------ DATA SHOWN

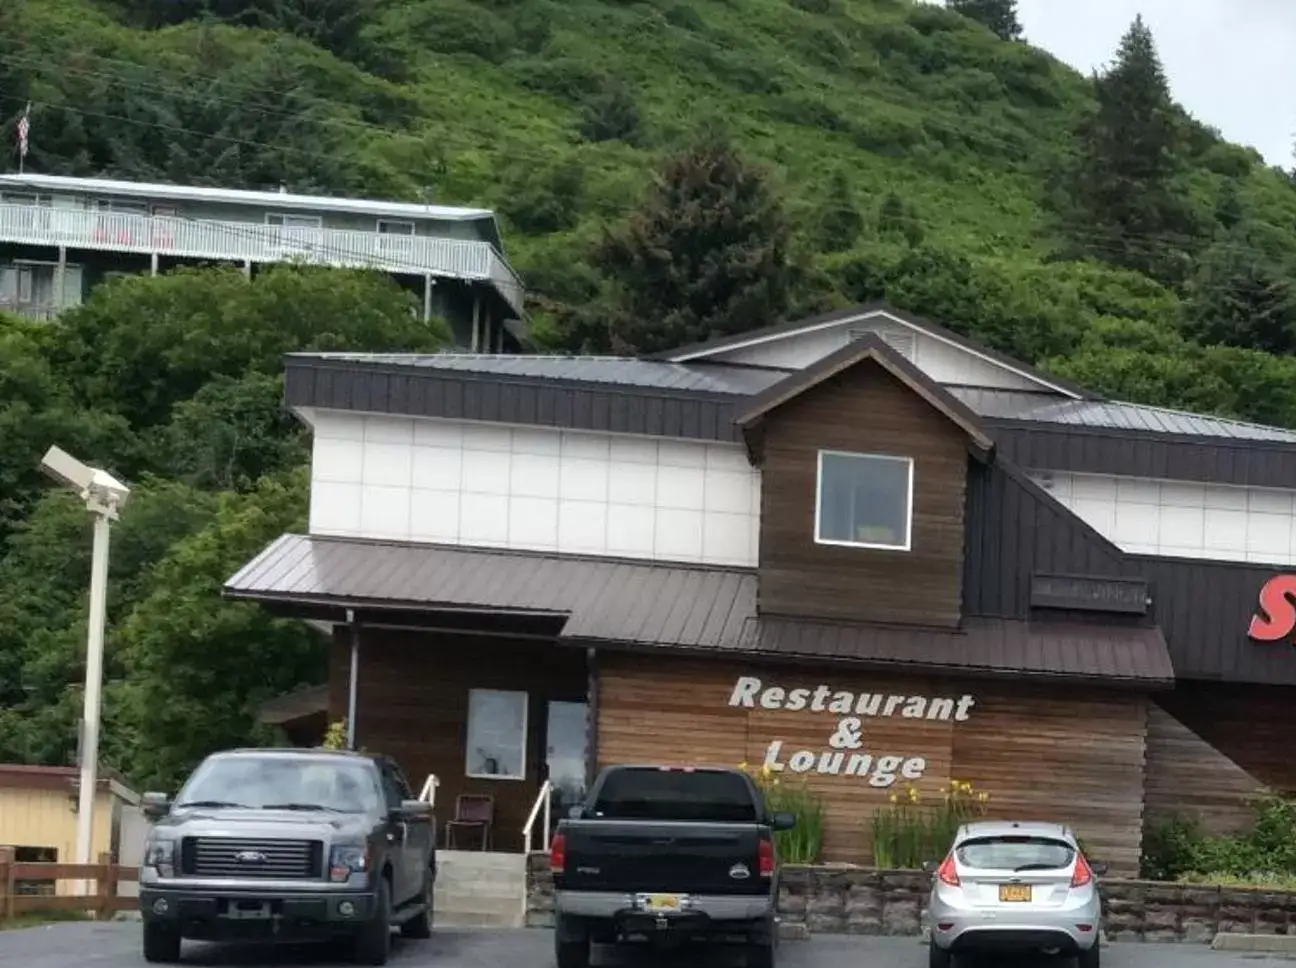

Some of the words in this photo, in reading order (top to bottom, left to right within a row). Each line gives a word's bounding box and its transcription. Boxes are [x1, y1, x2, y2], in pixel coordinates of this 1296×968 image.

[728, 676, 975, 721] Restaurant
[828, 716, 863, 749] &
[764, 740, 926, 787] Lounge
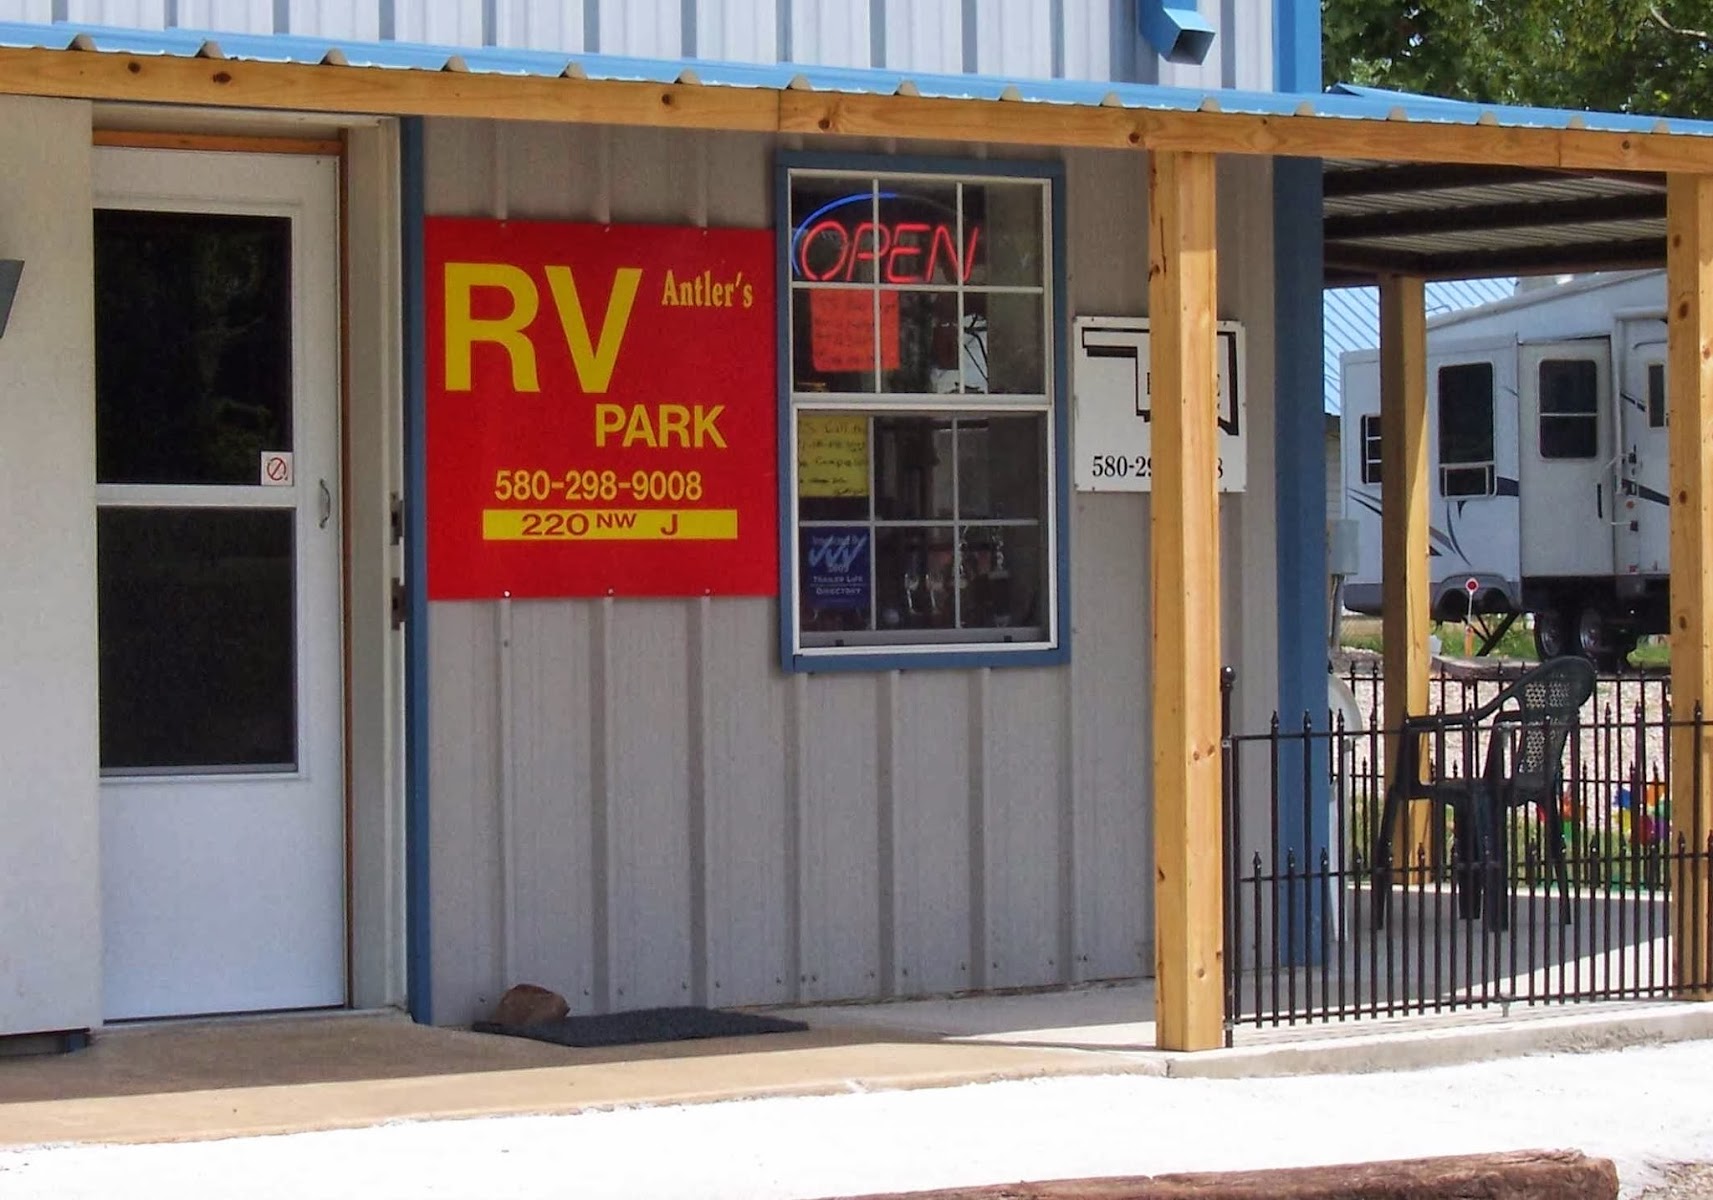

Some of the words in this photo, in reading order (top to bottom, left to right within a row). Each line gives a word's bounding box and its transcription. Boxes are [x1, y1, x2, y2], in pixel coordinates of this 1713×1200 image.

[801, 221, 980, 283] OPEN
[661, 268, 753, 308] Antler's
[444, 262, 643, 393] RV
[595, 403, 728, 448] PARK
[495, 470, 703, 501] 580-298-9008
[521, 513, 589, 536] 220
[596, 513, 637, 528] NW
[660, 514, 679, 536] J
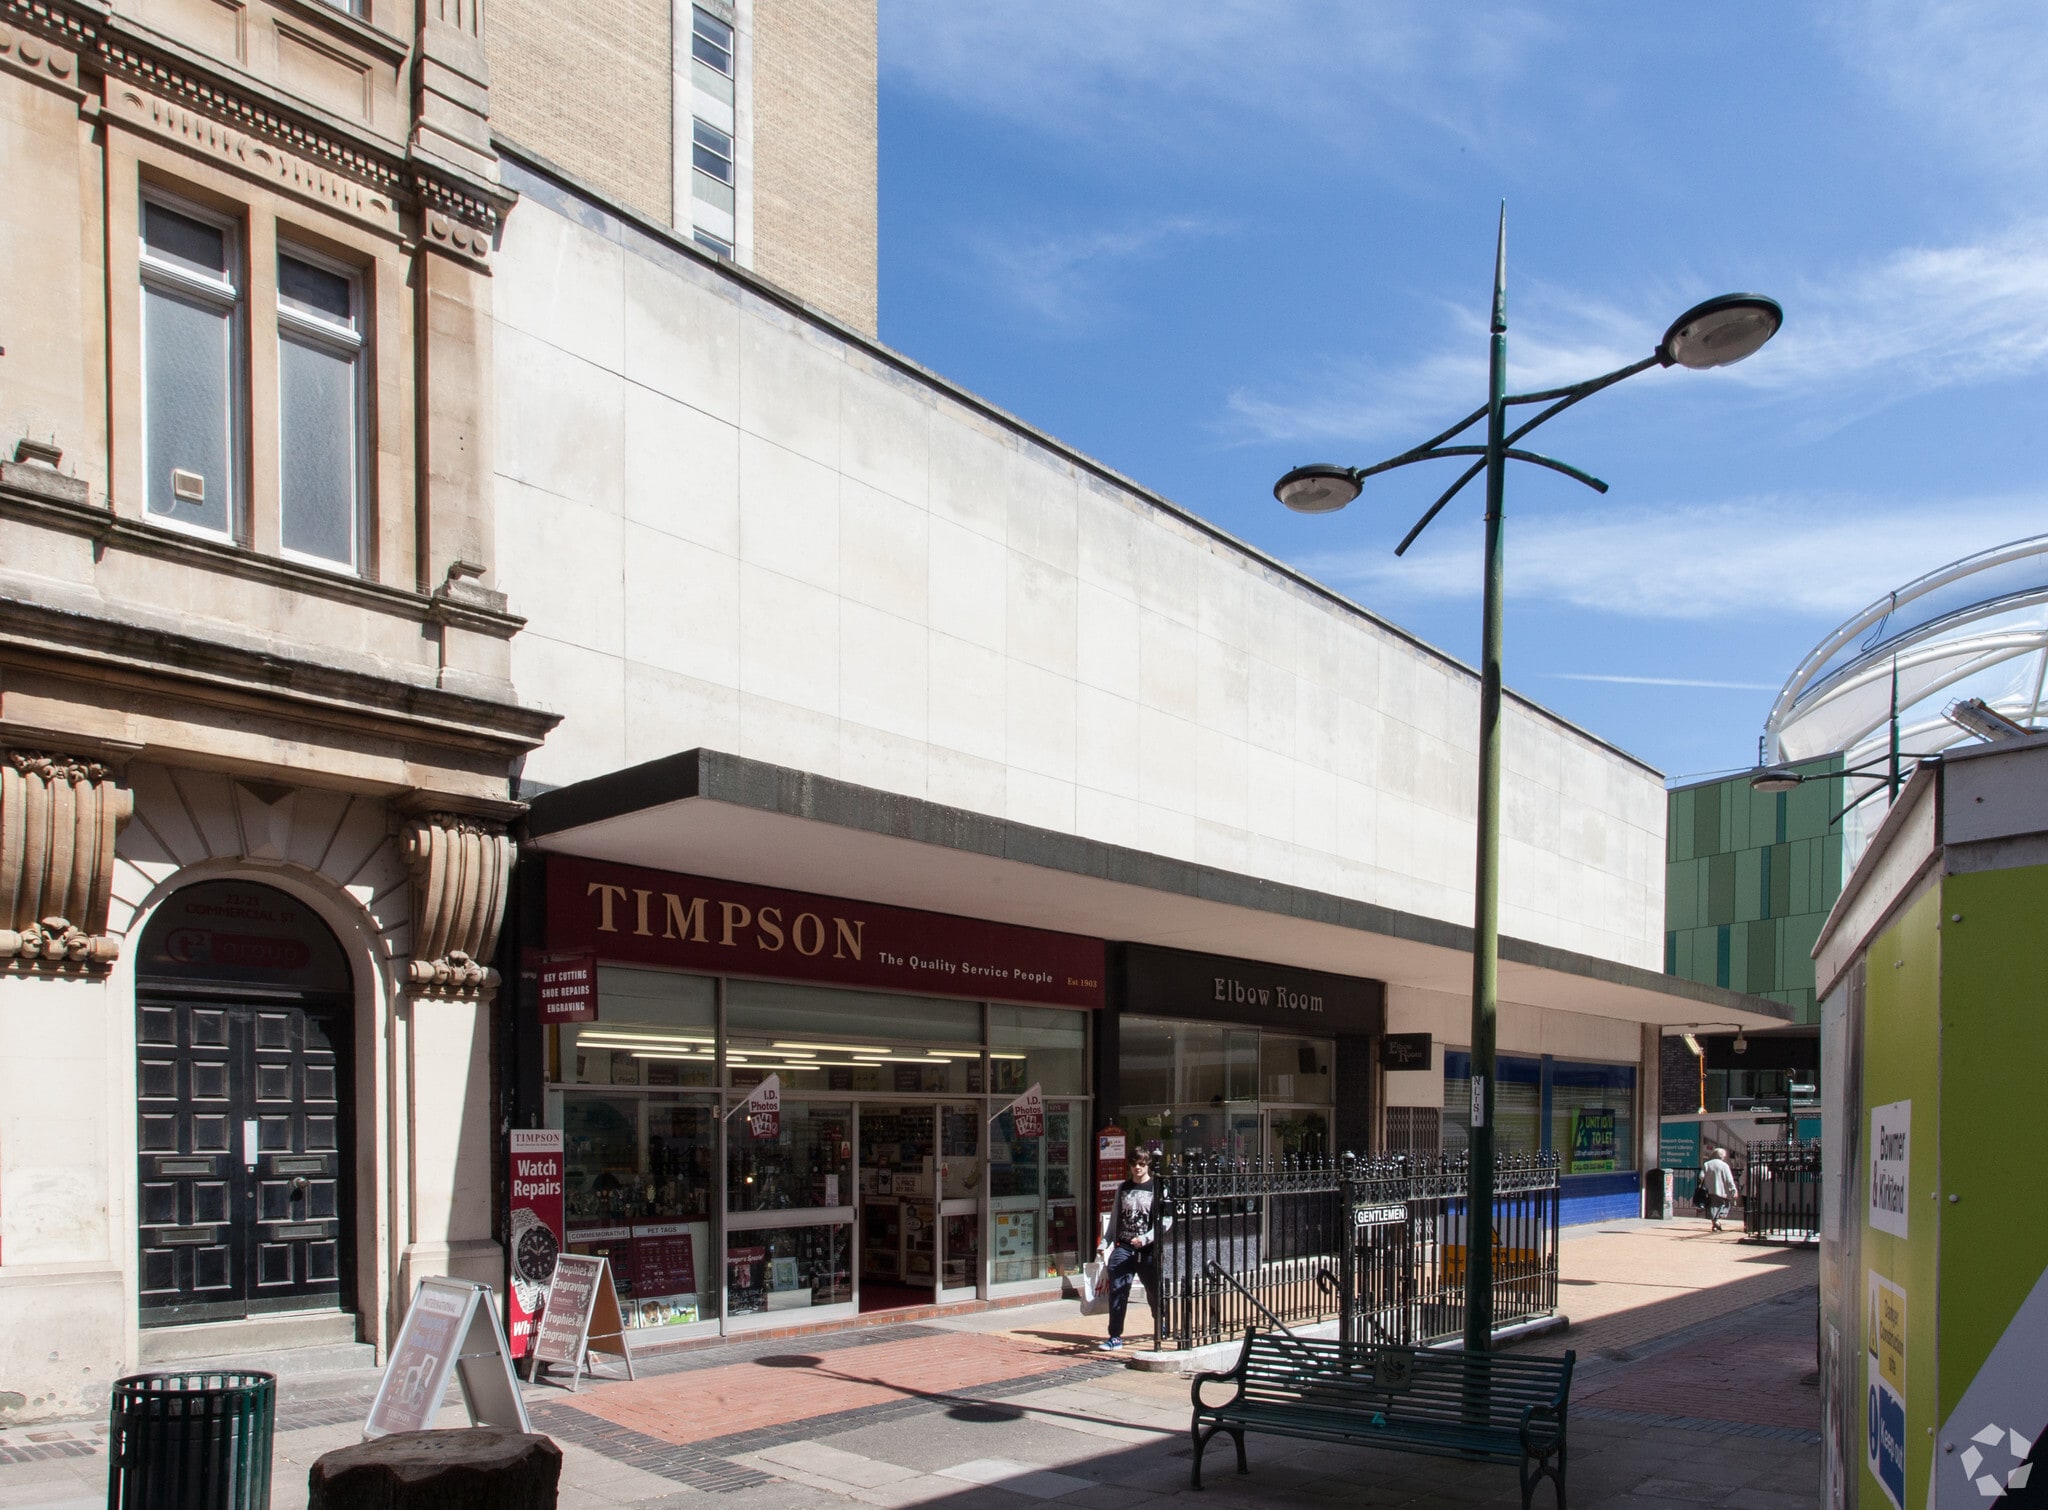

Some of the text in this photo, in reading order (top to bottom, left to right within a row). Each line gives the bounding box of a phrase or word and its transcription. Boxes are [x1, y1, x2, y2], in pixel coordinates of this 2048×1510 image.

[185, 903, 297, 924] COMMERCIAL ST
[587, 882, 866, 961] TIMPSON
[222, 941, 298, 963] group
[879, 952, 1053, 984] The Quality Service People
[543, 969, 588, 983] KEY CUTTING
[1067, 977, 1098, 989] Est 1903
[541, 985, 590, 999] SHOE REPAIRS
[1214, 978, 1323, 1012] Elbow Room
[547, 1001, 585, 1013] ENGRAVING
[763, 1090, 778, 1100] I.D.
[1026, 1096, 1041, 1106] I.D.
[750, 1101, 778, 1112] Photos
[1014, 1106, 1042, 1115] Photos
[1585, 1115, 1601, 1129] UNIT
[515, 1133, 560, 1143] TIMPSON
[1591, 1131, 1613, 1145] TO LET
[1880, 1125, 1905, 1161] Bowmer
[517, 1158, 557, 1177] Watch
[513, 1179, 561, 1200] Repairs
[1872, 1160, 1878, 1207] &
[1357, 1208, 1405, 1223] GENTLEMEN
[571, 1229, 626, 1240] COMMEMORATIVE
[558, 1261, 586, 1277] Trophies
[553, 1278, 590, 1293] Engraving
[545, 1311, 575, 1327] Trophies
[513, 1319, 542, 1337] While
[541, 1327, 579, 1344] Engraving
[1880, 1417, 1904, 1473] Keep out
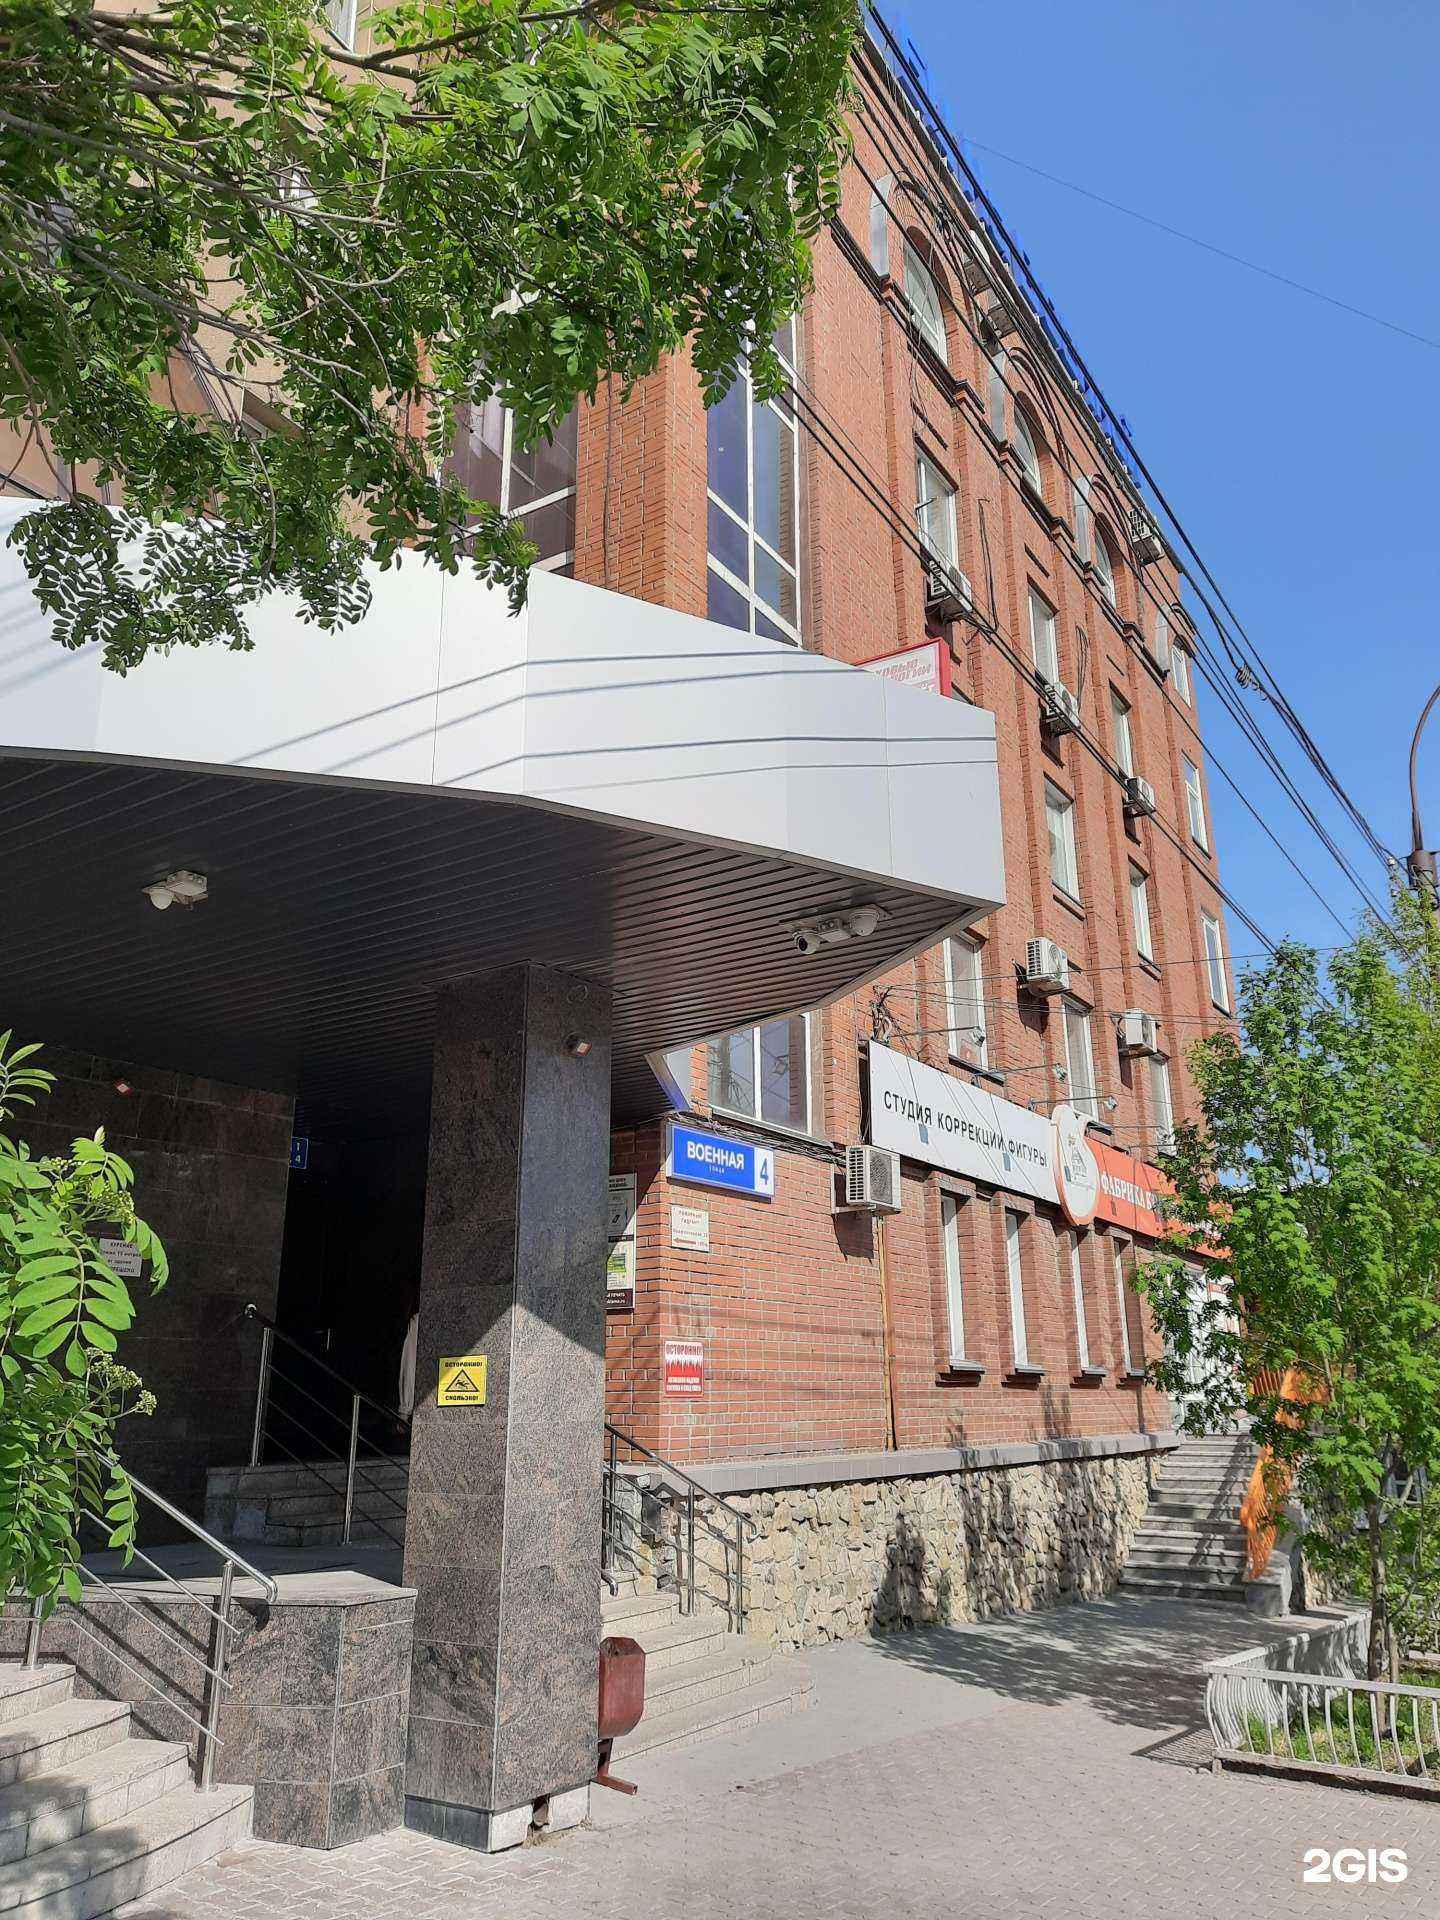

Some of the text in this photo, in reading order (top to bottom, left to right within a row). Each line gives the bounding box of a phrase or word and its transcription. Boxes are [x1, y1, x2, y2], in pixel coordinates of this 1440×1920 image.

------------

Write out each record exactly as shown, but not its pictures.

Some of the words in this photo, in reading order (top to bottom, left to right within a row). Each line gives a word's bounding box and its transcription. Boxes are [x1, y1, x2, y2], in pixel coordinates of this 1296×968 image.

[728, 676, 975, 721] Restaurant
[828, 716, 863, 749] &
[764, 740, 926, 787] Lounge

Some of the words in this photo, in reading order (top to bottom, left to right within a row). Each line gives a word's bounding box and its transcription. Boxes are [x1, y1, x2, y2], in pixel coordinates of this 1713×1200 image.

[801, 221, 980, 283] OPEN
[661, 268, 753, 308] Antler's
[444, 262, 643, 393] RV
[595, 403, 728, 448] PARK
[495, 470, 703, 501] 580-298-9008
[521, 513, 589, 536] 220
[596, 513, 637, 528] NW
[660, 514, 679, 536] J

Some of the text in this photo, in reading order (top to bottom, left to right within a row). Each line gives the bounding box of a phrase or word and its transcription. Boxes are [x1, y1, x2, y2], in pixel coordinates of this 2048×1510 image.

[185, 903, 297, 924] COMMERCIAL ST
[587, 882, 866, 961] TIMPSON
[222, 941, 298, 963] group
[879, 952, 1053, 984] The Quality Service People
[543, 969, 588, 983] KEY CUTTING
[1067, 977, 1098, 989] Est 1903
[541, 985, 590, 999] SHOE REPAIRS
[1214, 978, 1323, 1012] Elbow Room
[547, 1001, 585, 1013] ENGRAVING
[763, 1090, 778, 1100] I.D.
[1026, 1096, 1041, 1106] I.D.
[750, 1101, 778, 1112] Photos
[1014, 1106, 1042, 1115] Photos
[1585, 1115, 1601, 1129] UNIT
[515, 1133, 560, 1143] TIMPSON
[1591, 1131, 1613, 1145] TO LET
[1880, 1125, 1905, 1161] Bowmer
[517, 1158, 557, 1177] Watch
[513, 1179, 561, 1200] Repairs
[1872, 1160, 1878, 1207] &
[1357, 1208, 1405, 1223] GENTLEMEN
[571, 1229, 626, 1240] COMMEMORATIVE
[558, 1261, 586, 1277] Trophies
[553, 1278, 590, 1293] Engraving
[545, 1311, 575, 1327] Trophies
[513, 1319, 542, 1337] While
[541, 1327, 579, 1344] Engraving
[1880, 1417, 1904, 1473] Keep out

Some of the text in this photo, in reading order (top to bottom, left to right within a row). Each line gives the bounding box of a phrase or word and its transcription. Boxes are [x1, y1, x2, y2], in pixel coordinates of this 1440×1920 image.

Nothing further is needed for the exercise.